Give back exactly the lines spanning from the one containing "this 1600×900 image." to the final line of the records below, and no others.

DATA FOR THE TASK Start Marker

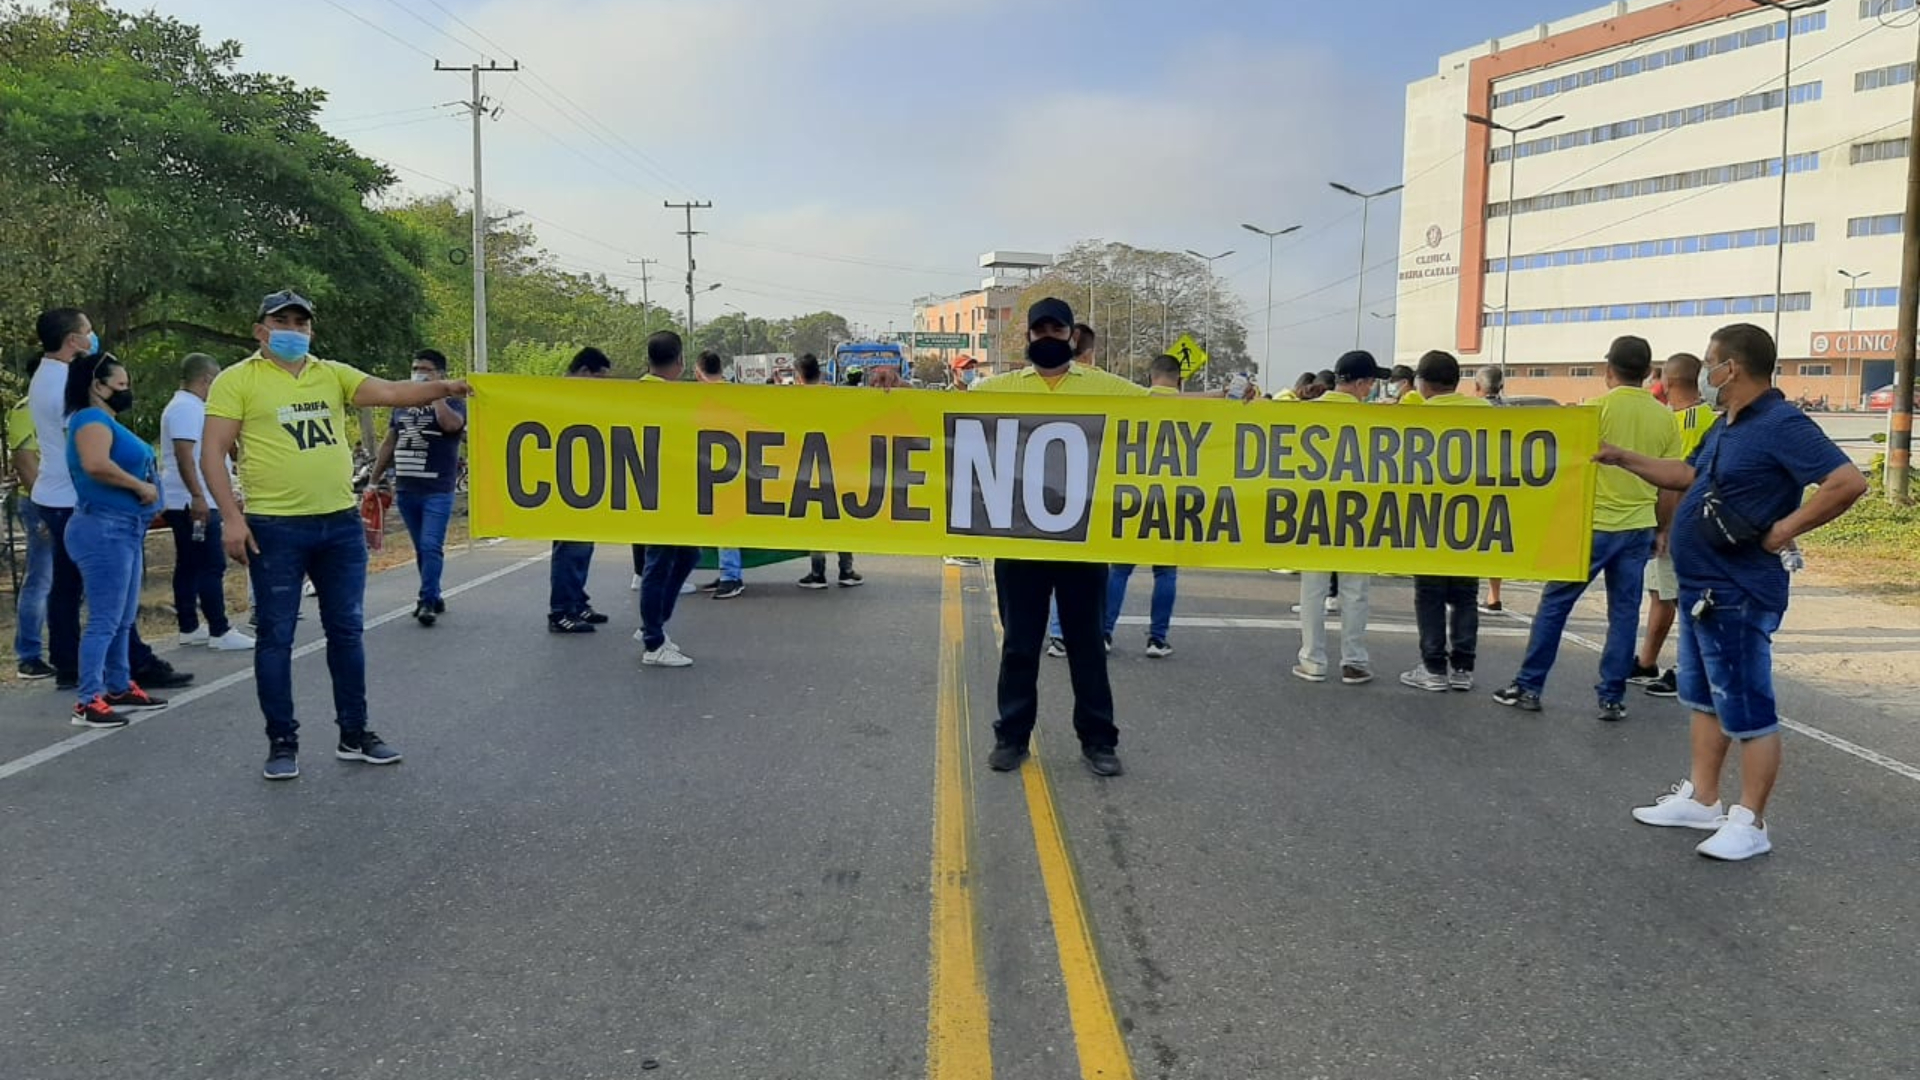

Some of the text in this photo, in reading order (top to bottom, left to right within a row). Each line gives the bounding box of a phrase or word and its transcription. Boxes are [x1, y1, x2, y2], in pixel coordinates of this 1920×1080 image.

[1836, 334, 1897, 352] CLINIC
[290, 400, 329, 412] TARIFA
[281, 418, 337, 450] YA!
[1115, 419, 1558, 487] HAY DESARROLLO
[506, 417, 1090, 536] CON PEAJE NO
[1111, 484, 1514, 554] PARA BARANOA
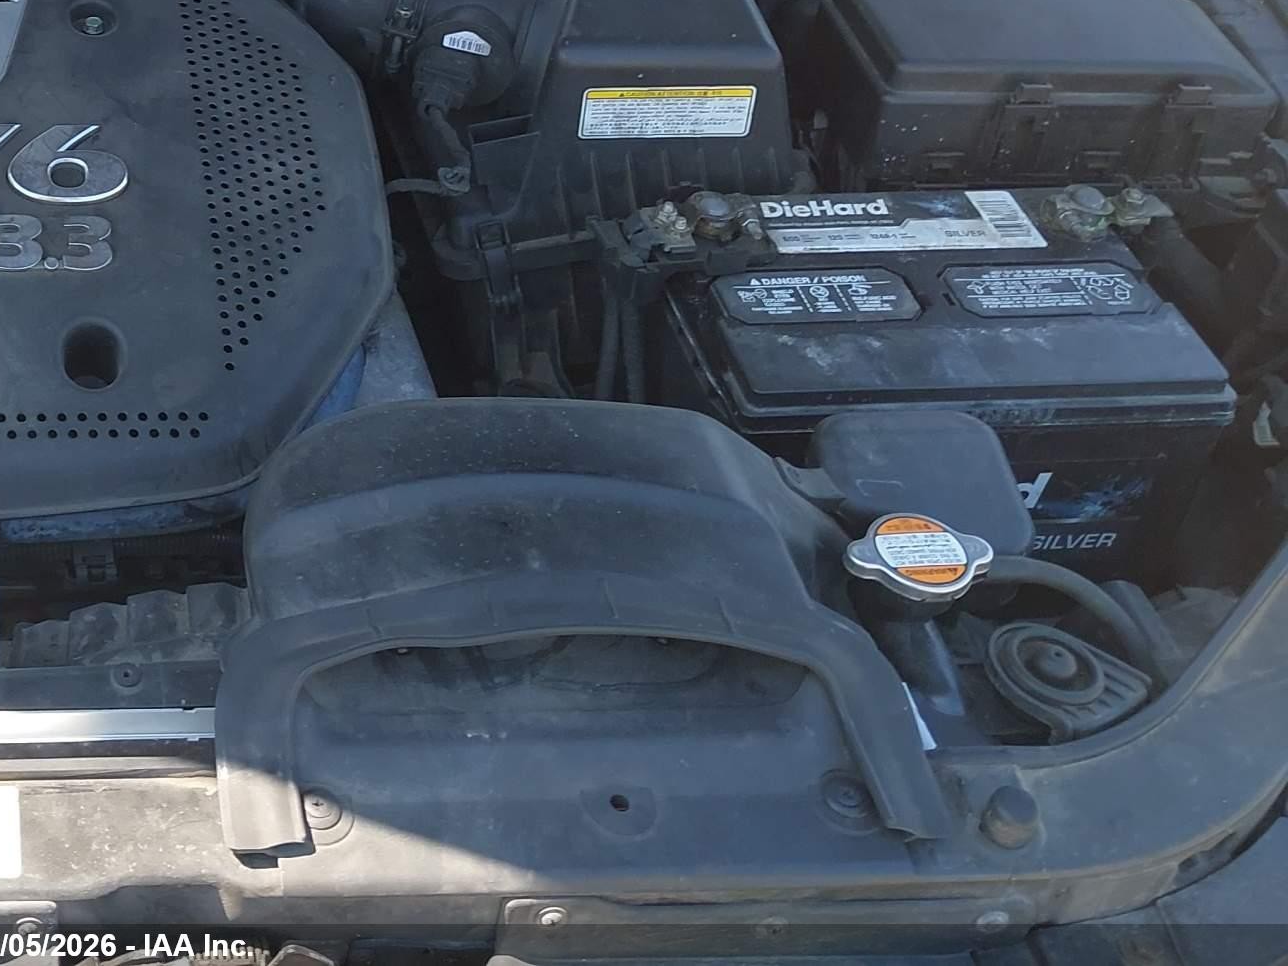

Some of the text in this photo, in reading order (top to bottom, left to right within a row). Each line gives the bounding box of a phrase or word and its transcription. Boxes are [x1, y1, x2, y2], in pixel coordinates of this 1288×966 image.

[759, 199, 889, 218] DieHard
[761, 276, 811, 286] DANGER
[822, 274, 867, 284] POISON
[1033, 533, 1117, 550] SILVER
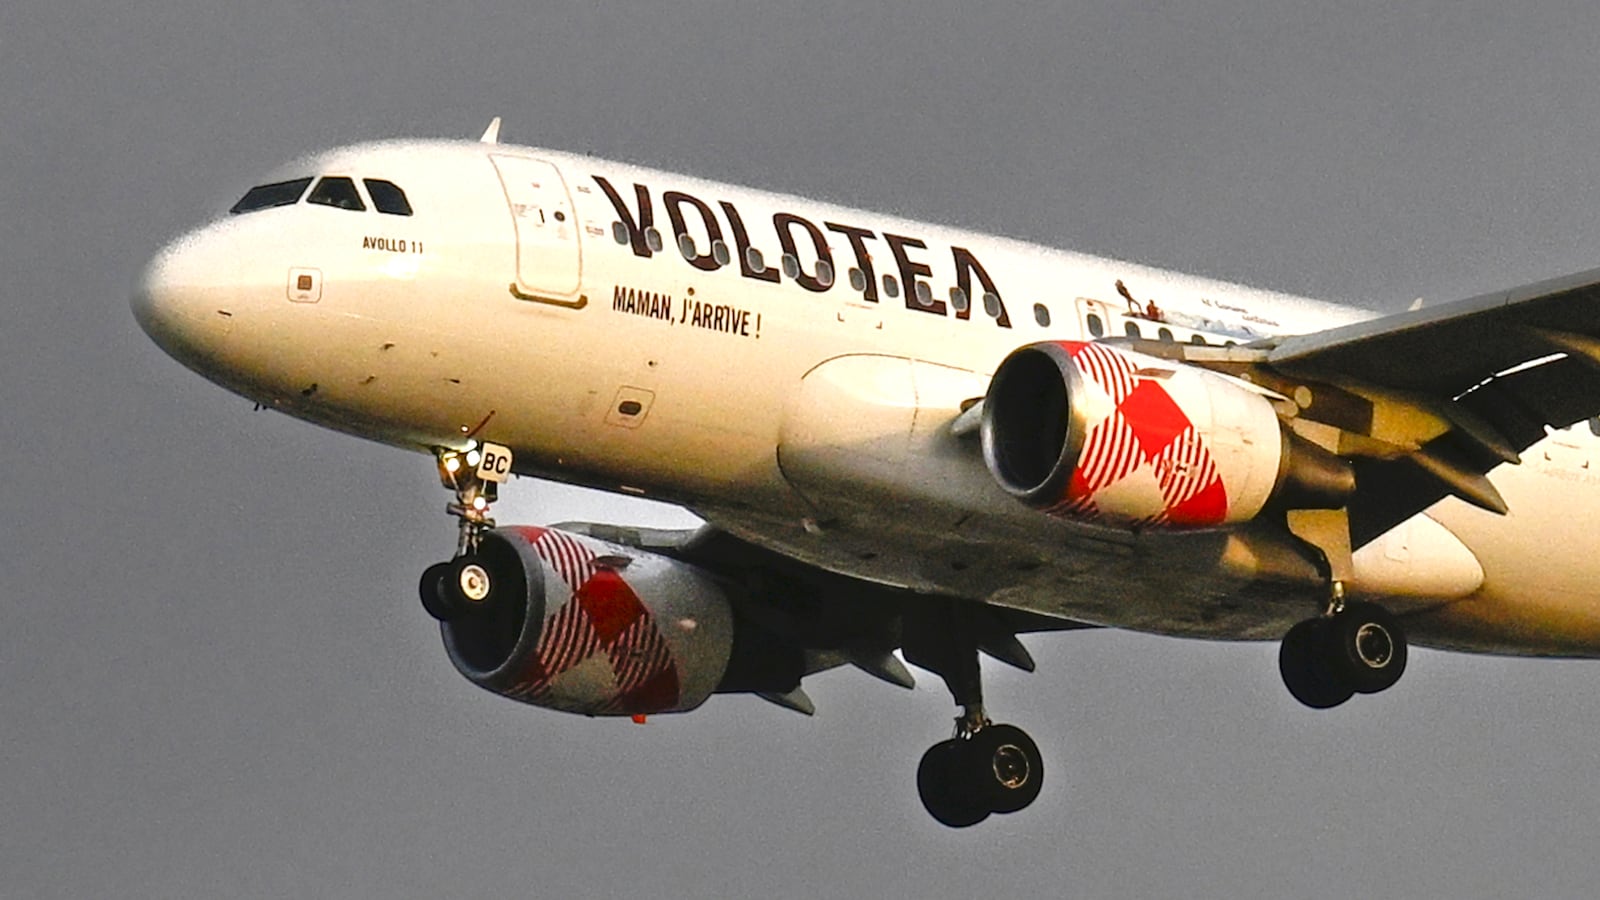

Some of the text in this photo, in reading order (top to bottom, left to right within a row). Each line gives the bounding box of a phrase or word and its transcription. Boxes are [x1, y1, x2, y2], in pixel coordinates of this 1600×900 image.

[362, 235, 424, 255] AVOLLO 11
[591, 174, 1013, 329] VOLOTEA
[612, 284, 675, 326] MAMAN,
[482, 452, 508, 474] BC

DATA FOR THE TASK End Marker

→ **REPLY TO THE EXERCISE**
Some of the text in this photo, in reading order (top to bottom, left to right within a row). Each line gives the bounding box of a phrase or word and its transcription. Boxes are [x1, y1, x2, y2], in pixel coordinates of this 1600×900 image.

[362, 235, 424, 255] AVOLLO 11
[591, 174, 1013, 329] VOLOTEA
[612, 284, 675, 326] MAMAN,
[482, 452, 508, 474] BC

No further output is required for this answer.